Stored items

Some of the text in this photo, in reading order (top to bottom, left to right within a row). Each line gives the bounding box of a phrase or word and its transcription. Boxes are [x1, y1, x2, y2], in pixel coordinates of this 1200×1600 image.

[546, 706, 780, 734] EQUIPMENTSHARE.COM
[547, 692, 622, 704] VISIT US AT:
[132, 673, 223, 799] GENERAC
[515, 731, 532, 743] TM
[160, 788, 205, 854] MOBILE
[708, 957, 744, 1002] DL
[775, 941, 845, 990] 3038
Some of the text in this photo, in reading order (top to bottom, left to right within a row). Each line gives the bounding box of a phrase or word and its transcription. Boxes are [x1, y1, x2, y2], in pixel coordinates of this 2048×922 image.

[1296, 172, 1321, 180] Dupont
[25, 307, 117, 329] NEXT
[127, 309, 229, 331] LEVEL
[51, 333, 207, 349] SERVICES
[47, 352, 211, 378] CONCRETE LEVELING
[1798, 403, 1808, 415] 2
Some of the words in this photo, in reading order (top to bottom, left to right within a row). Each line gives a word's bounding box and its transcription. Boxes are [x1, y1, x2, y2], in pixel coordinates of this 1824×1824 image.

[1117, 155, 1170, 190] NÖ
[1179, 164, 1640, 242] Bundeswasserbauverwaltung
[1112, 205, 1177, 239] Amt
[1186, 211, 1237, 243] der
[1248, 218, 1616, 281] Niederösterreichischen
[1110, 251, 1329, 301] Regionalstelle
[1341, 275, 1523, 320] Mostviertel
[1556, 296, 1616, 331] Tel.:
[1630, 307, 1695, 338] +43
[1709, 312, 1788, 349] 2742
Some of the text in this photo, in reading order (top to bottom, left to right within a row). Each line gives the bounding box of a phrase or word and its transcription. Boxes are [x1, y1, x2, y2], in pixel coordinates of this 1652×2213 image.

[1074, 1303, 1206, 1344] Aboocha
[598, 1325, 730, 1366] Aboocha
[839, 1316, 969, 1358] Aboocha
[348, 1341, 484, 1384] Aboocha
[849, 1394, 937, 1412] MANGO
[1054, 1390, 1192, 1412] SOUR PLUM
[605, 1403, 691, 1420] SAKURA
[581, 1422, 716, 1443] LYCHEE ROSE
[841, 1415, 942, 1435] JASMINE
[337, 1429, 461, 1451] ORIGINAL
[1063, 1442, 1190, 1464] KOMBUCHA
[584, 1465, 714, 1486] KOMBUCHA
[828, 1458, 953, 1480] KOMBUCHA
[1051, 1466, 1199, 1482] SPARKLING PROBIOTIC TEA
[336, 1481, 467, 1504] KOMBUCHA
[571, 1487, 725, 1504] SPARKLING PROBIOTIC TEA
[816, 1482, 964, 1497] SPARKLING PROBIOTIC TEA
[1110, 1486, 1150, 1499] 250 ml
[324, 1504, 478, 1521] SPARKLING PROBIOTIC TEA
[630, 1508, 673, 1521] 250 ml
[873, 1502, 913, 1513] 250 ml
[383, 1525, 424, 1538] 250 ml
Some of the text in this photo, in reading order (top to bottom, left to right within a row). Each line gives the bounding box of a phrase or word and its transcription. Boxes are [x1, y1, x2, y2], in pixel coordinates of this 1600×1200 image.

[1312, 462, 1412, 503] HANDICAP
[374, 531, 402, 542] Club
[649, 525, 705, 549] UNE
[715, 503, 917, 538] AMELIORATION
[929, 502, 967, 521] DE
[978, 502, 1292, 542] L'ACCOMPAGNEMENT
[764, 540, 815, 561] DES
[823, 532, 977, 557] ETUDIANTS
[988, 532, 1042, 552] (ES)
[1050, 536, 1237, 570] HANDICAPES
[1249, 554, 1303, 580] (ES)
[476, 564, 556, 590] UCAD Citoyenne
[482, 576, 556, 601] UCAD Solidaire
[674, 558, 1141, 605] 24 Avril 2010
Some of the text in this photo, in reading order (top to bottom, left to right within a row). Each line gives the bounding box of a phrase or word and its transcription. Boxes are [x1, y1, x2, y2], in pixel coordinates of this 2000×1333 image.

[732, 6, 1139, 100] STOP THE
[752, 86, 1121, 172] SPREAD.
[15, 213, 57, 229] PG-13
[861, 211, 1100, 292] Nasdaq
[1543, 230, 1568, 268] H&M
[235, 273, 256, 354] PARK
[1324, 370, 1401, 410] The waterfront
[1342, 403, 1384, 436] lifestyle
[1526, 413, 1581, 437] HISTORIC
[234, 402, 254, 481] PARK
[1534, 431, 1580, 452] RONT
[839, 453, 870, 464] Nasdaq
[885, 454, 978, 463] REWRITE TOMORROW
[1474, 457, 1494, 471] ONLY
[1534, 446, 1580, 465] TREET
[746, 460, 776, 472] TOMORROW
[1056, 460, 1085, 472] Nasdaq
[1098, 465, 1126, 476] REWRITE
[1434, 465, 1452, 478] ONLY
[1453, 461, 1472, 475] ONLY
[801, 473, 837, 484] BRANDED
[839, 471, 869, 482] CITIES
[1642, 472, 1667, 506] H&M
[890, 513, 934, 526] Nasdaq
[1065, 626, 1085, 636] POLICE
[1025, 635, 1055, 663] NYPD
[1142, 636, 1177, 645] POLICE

Exercise description
Print every record exactly as written.

Task solution
Some of the text in this photo, in reading order (top to bottom, left to right within a row). Each line gives the bounding box of a phrase or word and its transcription. Boxes are [x1, y1, x2, y2], in pixel coordinates of this 1200×1600 image.

[546, 706, 780, 734] EQUIPMENTSHARE.COM
[547, 692, 622, 704] VISIT US AT:
[132, 673, 223, 799] GENERAC
[515, 731, 532, 743] TM
[160, 788, 205, 854] MOBILE
[708, 957, 744, 1002] DL
[775, 941, 845, 990] 3038
Some of the text in this photo, in reading order (top to bottom, left to right within a row). Each line gives the bounding box of a phrase or word and its transcription. Boxes are [x1, y1, x2, y2], in pixel coordinates of this 2048×922 image.

[1296, 172, 1321, 180] Dupont
[25, 307, 117, 329] NEXT
[127, 309, 229, 331] LEVEL
[51, 333, 207, 349] SERVICES
[47, 352, 211, 378] CONCRETE LEVELING
[1798, 403, 1808, 415] 2
Some of the words in this photo, in reading order (top to bottom, left to right within a row). Each line gives a word's bounding box and its transcription. Boxes are [x1, y1, x2, y2], in pixel coordinates of this 1824×1824 image.

[1117, 155, 1170, 190] NÖ
[1179, 164, 1640, 242] Bundeswasserbauverwaltung
[1112, 205, 1177, 239] Amt
[1186, 211, 1237, 243] der
[1248, 218, 1616, 281] Niederösterreichischen
[1110, 251, 1329, 301] Regionalstelle
[1341, 275, 1523, 320] Mostviertel
[1556, 296, 1616, 331] Tel.:
[1630, 307, 1695, 338] +43
[1709, 312, 1788, 349] 2742
Some of the text in this photo, in reading order (top to bottom, left to right within a row). Each line gives the bounding box of a phrase or word and its transcription. Boxes are [x1, y1, x2, y2], in pixel coordinates of this 1652×2213 image.

[1074, 1303, 1206, 1344] Aboocha
[598, 1325, 730, 1366] Aboocha
[839, 1316, 969, 1358] Aboocha
[348, 1341, 484, 1384] Aboocha
[849, 1394, 937, 1412] MANGO
[1054, 1390, 1192, 1412] SOUR PLUM
[605, 1403, 691, 1420] SAKURA
[581, 1422, 716, 1443] LYCHEE ROSE
[841, 1415, 942, 1435] JASMINE
[337, 1429, 461, 1451] ORIGINAL
[1063, 1442, 1190, 1464] KOMBUCHA
[584, 1465, 714, 1486] KOMBUCHA
[828, 1458, 953, 1480] KOMBUCHA
[1051, 1466, 1199, 1482] SPARKLING PROBIOTIC TEA
[336, 1481, 467, 1504] KOMBUCHA
[571, 1487, 725, 1504] SPARKLING PROBIOTIC TEA
[816, 1482, 964, 1497] SPARKLING PROBIOTIC TEA
[1110, 1486, 1150, 1499] 250 ml
[324, 1504, 478, 1521] SPARKLING PROBIOTIC TEA
[630, 1508, 673, 1521] 250 ml
[873, 1502, 913, 1513] 250 ml
[383, 1525, 424, 1538] 250 ml
Some of the text in this photo, in reading order (top to bottom, left to right within a row). Each line gives the bounding box of a phrase or word and its transcription. Boxes are [x1, y1, x2, y2], in pixel coordinates of this 1600×1200 image.

[1312, 462, 1412, 503] HANDICAP
[374, 531, 402, 542] Club
[649, 525, 705, 549] UNE
[715, 503, 917, 538] AMELIORATION
[929, 502, 967, 521] DE
[978, 502, 1292, 542] L'ACCOMPAGNEMENT
[764, 540, 815, 561] DES
[823, 532, 977, 557] ETUDIANTS
[988, 532, 1042, 552] (ES)
[1050, 536, 1237, 570] HANDICAPES
[1249, 554, 1303, 580] (ES)
[476, 564, 556, 590] UCAD Citoyenne
[482, 576, 556, 601] UCAD Solidaire
[674, 558, 1141, 605] 24 Avril 2010
Some of the text in this photo, in reading order (top to bottom, left to right within a row). Each line gives the bounding box of a phrase or word and its transcription. Boxes are [x1, y1, x2, y2], in pixel coordinates of this 2000×1333 image.

[732, 6, 1139, 100] STOP THE
[752, 86, 1121, 172] SPREAD.
[15, 213, 57, 229] PG-13
[861, 211, 1100, 292] Nasdaq
[1543, 230, 1568, 268] H&M
[235, 273, 256, 354] PARK
[1324, 370, 1401, 410] The waterfront
[1342, 403, 1384, 436] lifestyle
[1526, 413, 1581, 437] HISTORIC
[234, 402, 254, 481] PARK
[1534, 431, 1580, 452] RONT
[839, 453, 870, 464] Nasdaq
[885, 454, 978, 463] REWRITE TOMORROW
[1474, 457, 1494, 471] ONLY
[1534, 446, 1580, 465] TREET
[746, 460, 776, 472] TOMORROW
[1056, 460, 1085, 472] Nasdaq
[1098, 465, 1126, 476] REWRITE
[1434, 465, 1452, 478] ONLY
[1453, 461, 1472, 475] ONLY
[801, 473, 837, 484] BRANDED
[839, 471, 869, 482] CITIES
[1642, 472, 1667, 506] H&M
[890, 513, 934, 526] Nasdaq
[1065, 626, 1085, 636] POLICE
[1025, 635, 1055, 663] NYPD
[1142, 636, 1177, 645] POLICE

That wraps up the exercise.